### Supplied records:
▼

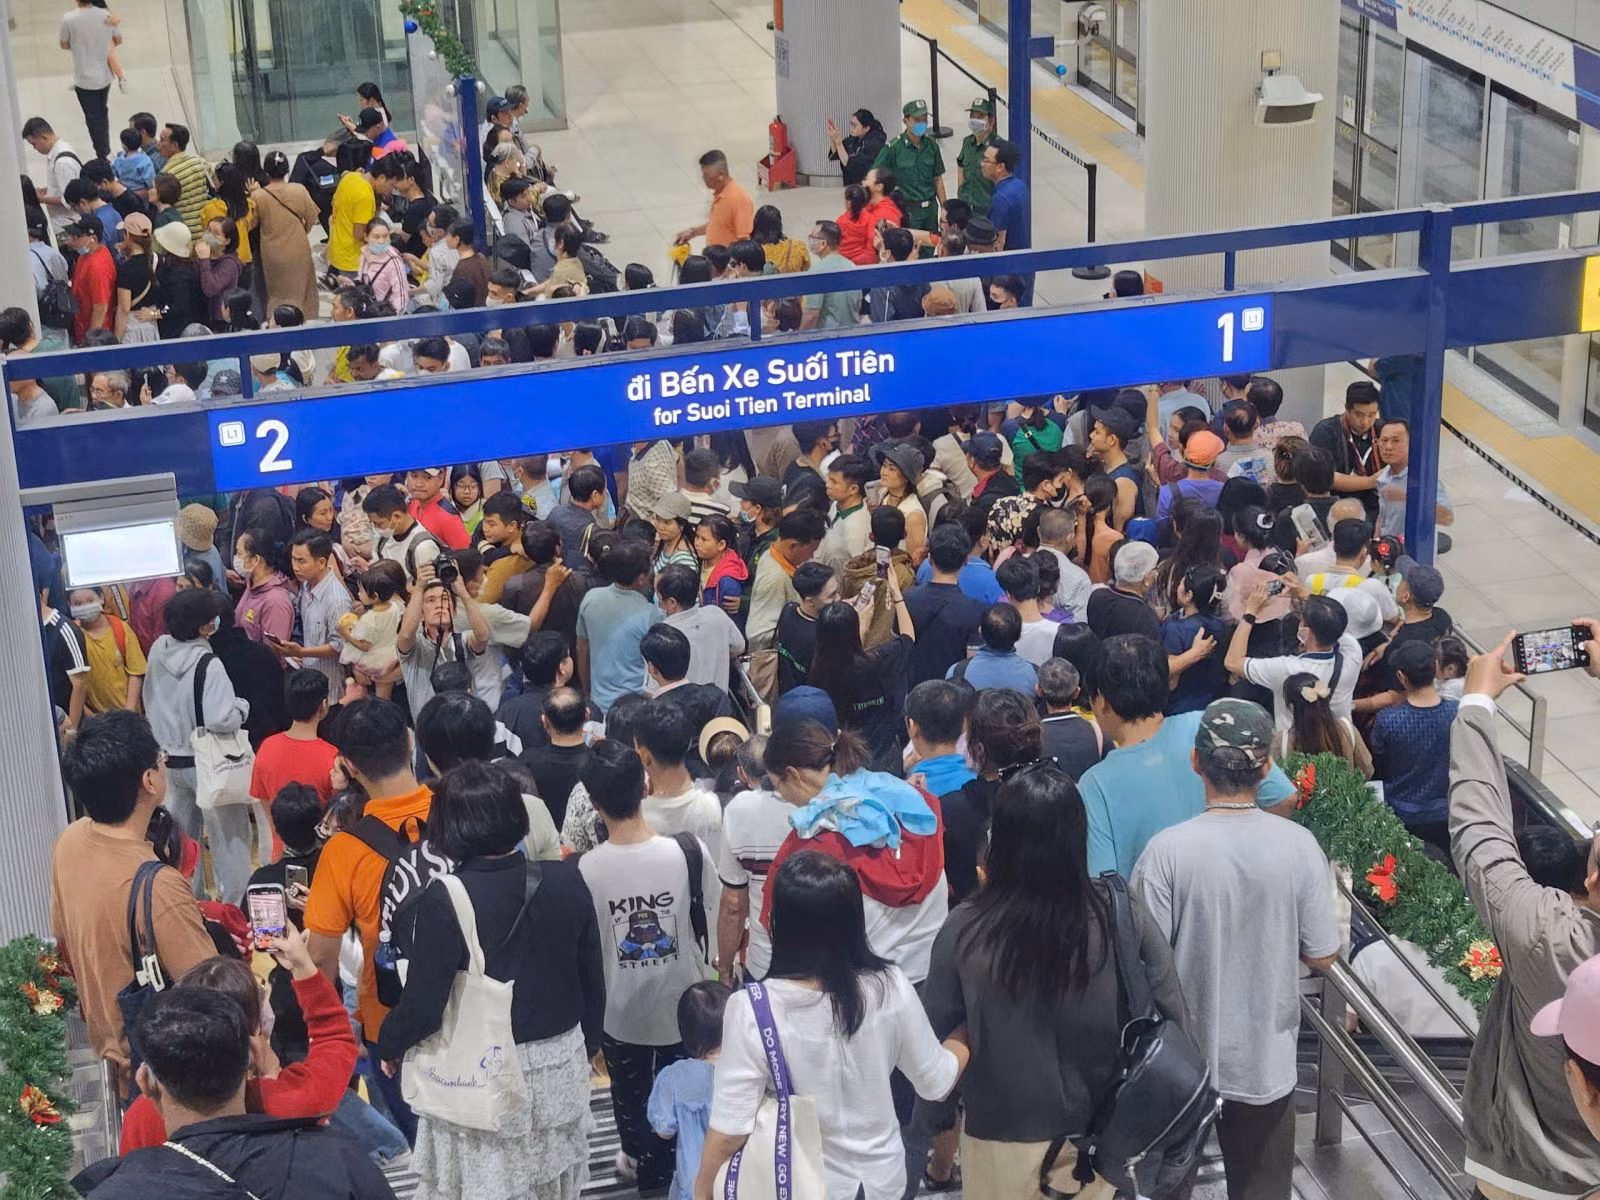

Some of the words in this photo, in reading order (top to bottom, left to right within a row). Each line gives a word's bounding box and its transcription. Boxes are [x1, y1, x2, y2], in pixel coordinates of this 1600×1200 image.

[1217, 312, 1234, 362] 1
[626, 373, 651, 401] đi
[660, 364, 715, 398] Bến
[722, 363, 760, 391] Xe
[767, 351, 829, 385] Suối
[835, 349, 895, 377] Tiên
[653, 407, 682, 426] for
[686, 400, 730, 421] Suoi
[735, 396, 778, 416] Tien
[783, 383, 871, 411] Terminal
[256, 419, 293, 473] 2
[608, 891, 674, 916] KING
[763, 1027, 775, 1048] DO
[780, 1096, 788, 1122] TRY
[777, 1125, 787, 1158] NEW
[777, 1163, 787, 1184] GO

▲

### Assignment:
Return the listing verbatim, pictures omitted.

### Problem solution:
Some of the words in this photo, in reading order (top to bottom, left to right within a row). Each line gives a word's bounding box and its transcription. Boxes are [x1, y1, x2, y2], in pixel coordinates of this 1600×1200 image.

[1217, 312, 1234, 362] 1
[626, 373, 651, 401] đi
[660, 364, 715, 398] Bến
[722, 363, 760, 391] Xe
[767, 351, 829, 385] Suối
[835, 349, 895, 377] Tiên
[653, 407, 682, 426] for
[686, 400, 730, 421] Suoi
[735, 396, 778, 416] Tien
[783, 383, 871, 411] Terminal
[256, 419, 293, 473] 2
[608, 891, 674, 916] KING
[763, 1027, 775, 1048] DO
[780, 1096, 788, 1122] TRY
[777, 1125, 787, 1158] NEW
[777, 1163, 787, 1184] GO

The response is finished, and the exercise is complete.